Halk isyanda. Yaşanan ekonomik buhran, siyasal iklim, adaletsizlikler canından bezdirdi, halkımızı. Hele ki işsizlik katlanılır gibi değil. Evlatlarını doyuramayan babanın, ailece intiharlarının ardından işsiz vatandaşın valilik önnünde kendini yakması, şoför kardeşimizin kendisini aracına asması, üniversite son sınıf kardeşimizin intiharı derken öğretmen intiharları geldi peş peşe…

 

Ankara’da genç matematik öğretmeni, Antalya’da hala enerjisini kaybetmemiş bir müzik öğretmeni. İkisi de kıydı canlarına. Sebep çok, sebep yok…

 

Birileri iktidarı kötülemek için kasten üretilen haberler olarak yorumlamaya çalışsa da ne tam öyle, ne de değil…

 

Elbette 18 yıllık iktidarın gelinen süreçte emeği büyük. Ekonomi yönetimi, yaşana ayrıştırılma, muhaliflerin fişlenmesi, yargıda yaşanan adaletsizlikler, tavan yapan işsizlik, artan vergiler, alım gücünün azalması vs…

 

Hepsi hepsi bir etken. Ama ötesinde başka bir şey var ki insanlığımızdan, vicdanımızdan kaybettiklerimiz de az neden değil yaşananlara…

 

Komşumuzun açlığından haberimiz yok. Hatta evimizdeki evladımızın yaşadıklarından, eşimizin psikolojisinden…

 

Küreselleşen dünyada yalnızlaşıyoruz aileler, arkadaşlar, dostlar, halk…

 

Ve kapitalizm öyle bir şey ki esir aldı, herşeyi. Eğitim, sağlık, güvenlik vs…

 

Sosyal devletin olmazsa olmazı hizmetleri kamudan çıkıp özele emanet oldu. Yoksul, daha da yoksul, fakir daha da fakir…

 

Orta direk çöktü…

 

Yoksulluk arttı, zenginlik azaldı…

 

Sınıflar arasındaki adaletsizliğe, yönetimlerin adaletsizliği eklenince durum ortada. Atanamayan öğretmenin, özel sektörde canı çıkıyor.
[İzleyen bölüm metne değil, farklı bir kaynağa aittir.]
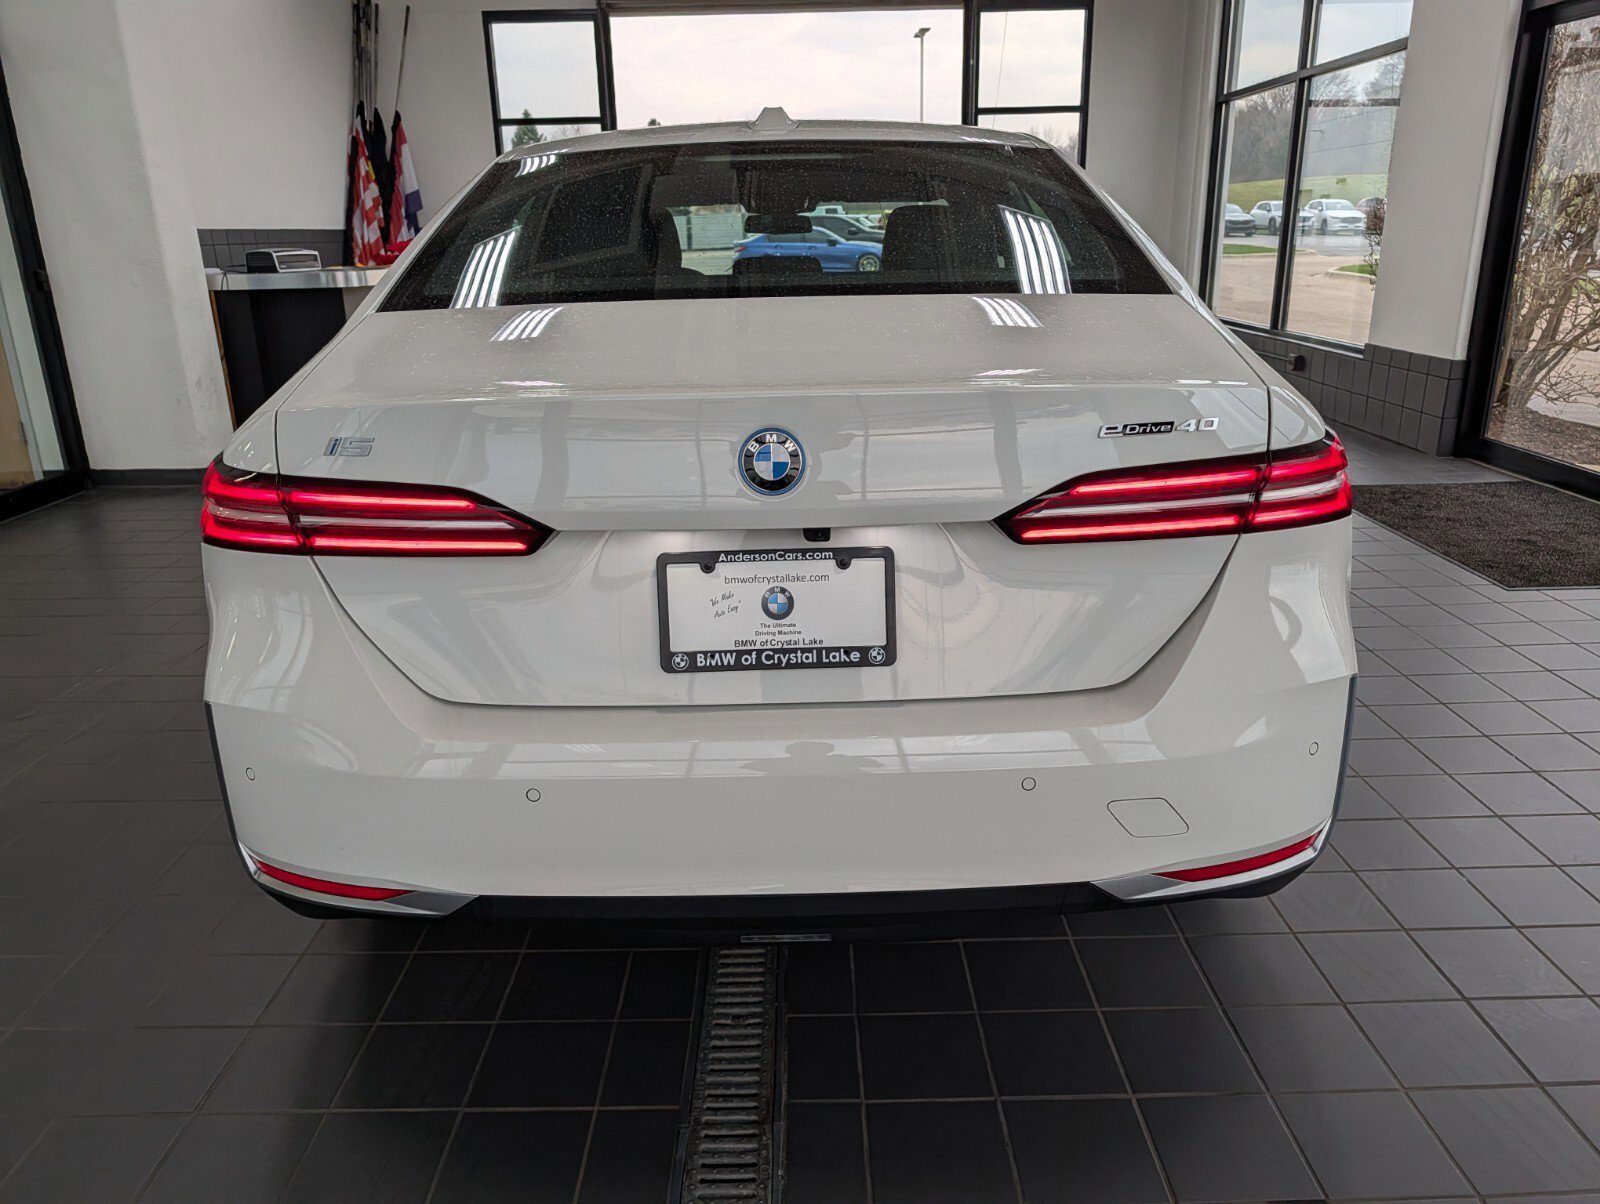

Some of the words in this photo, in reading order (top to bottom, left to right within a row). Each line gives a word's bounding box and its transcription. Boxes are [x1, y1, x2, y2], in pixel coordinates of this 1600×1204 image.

[1175, 417, 1220, 432] 40
[748, 433, 796, 452] BMW
[718, 550, 834, 562] AndersonCars.com
[724, 573, 830, 585] bmwofcrystallake.com
[734, 639, 757, 648] BMW
[759, 639, 769, 647] of
[769, 637, 800, 648] Crystal
[802, 637, 824, 646] Lake
[696, 652, 736, 667] BMW
[741, 650, 757, 665] of
[761, 649, 817, 667] Crystal
[822, 648, 861, 663] Lake
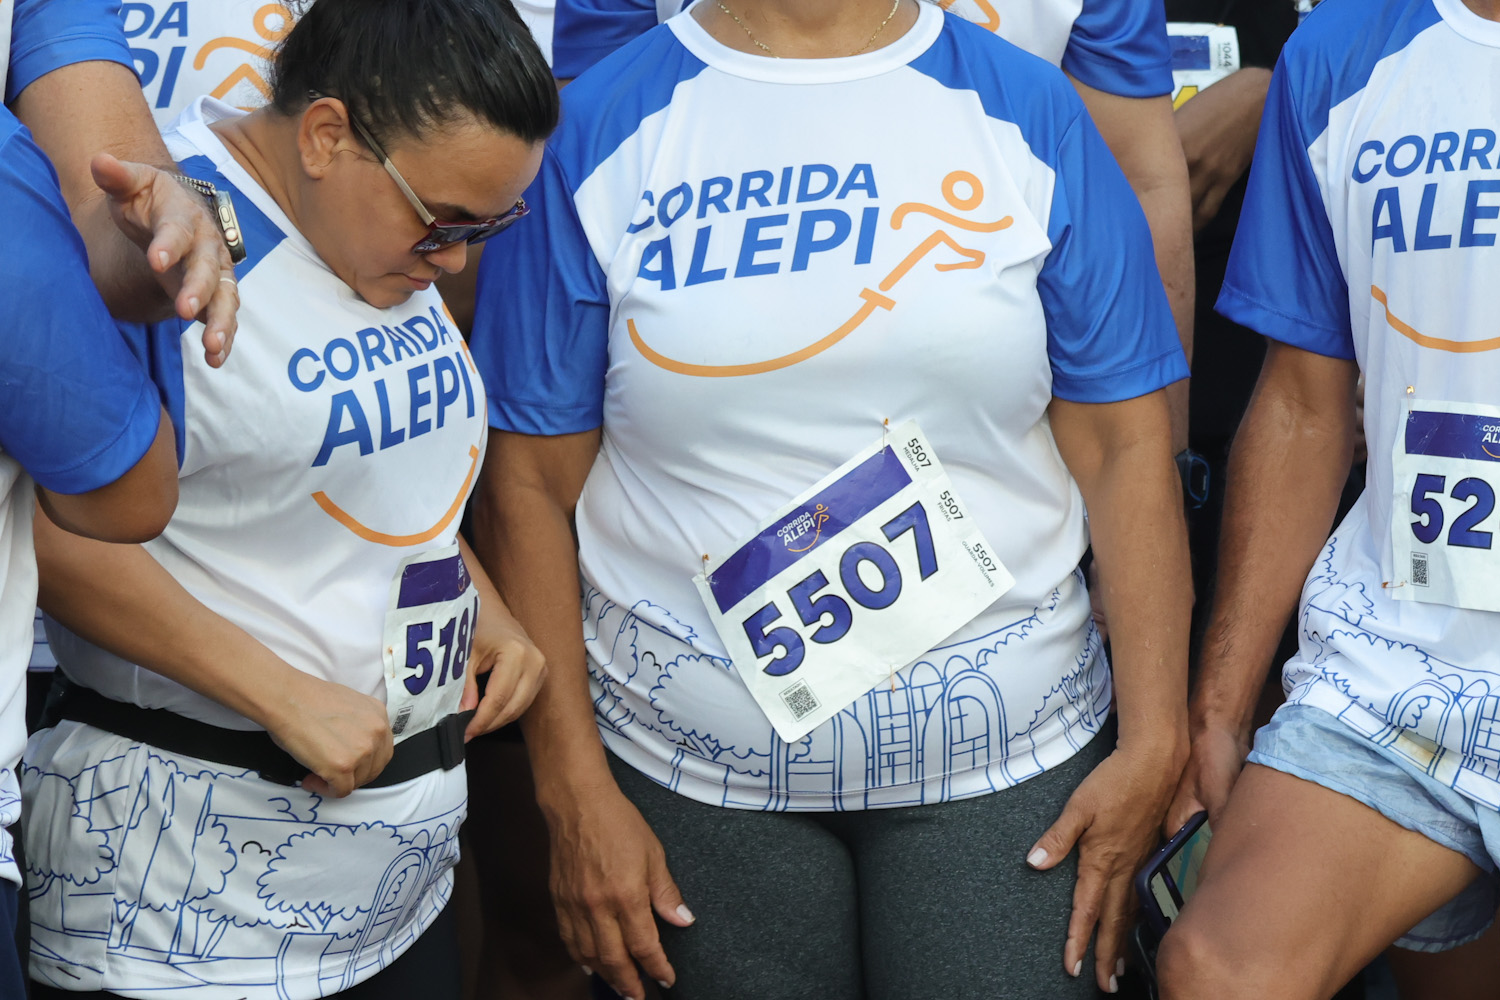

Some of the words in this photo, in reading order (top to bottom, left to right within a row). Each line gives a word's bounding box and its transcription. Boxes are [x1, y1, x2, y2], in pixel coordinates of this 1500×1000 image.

[627, 163, 879, 234] CORRIDA
[636, 206, 879, 291] ALEPI
[288, 306, 453, 392] CORRIDA
[311, 351, 475, 467] ALEPI
[903, 447, 920, 472] MEDALHA
[908, 438, 932, 468] 5507
[937, 502, 951, 522] FRUTAS
[940, 490, 964, 520] 5507
[777, 511, 811, 537] CORRIDA
[783, 517, 815, 546] ALEPI
[973, 543, 997, 573] 5507
[742, 500, 938, 676] 5507
Tabii iş bulursa…

 

Atanan öğretmen de sistemden ayrı çekiyor, siyasallaşan idarecilerden ayrı…

 

 Ne acı eskiden ‘kimse açlığından ölmez’ denilen ülkemde, patır patır ölüyoruz. Ya açlıktan ya adaletsizlikten…

 

Ne demiş İnan Avşar, ‘Adalet yok’…

 

Batsın bu adaletsiz düzen…

 

Batsın…

 

Işıklar yoldaşın olsun #İnanAvşar…

 

Devrin daim olsun #İsmailAkdağ…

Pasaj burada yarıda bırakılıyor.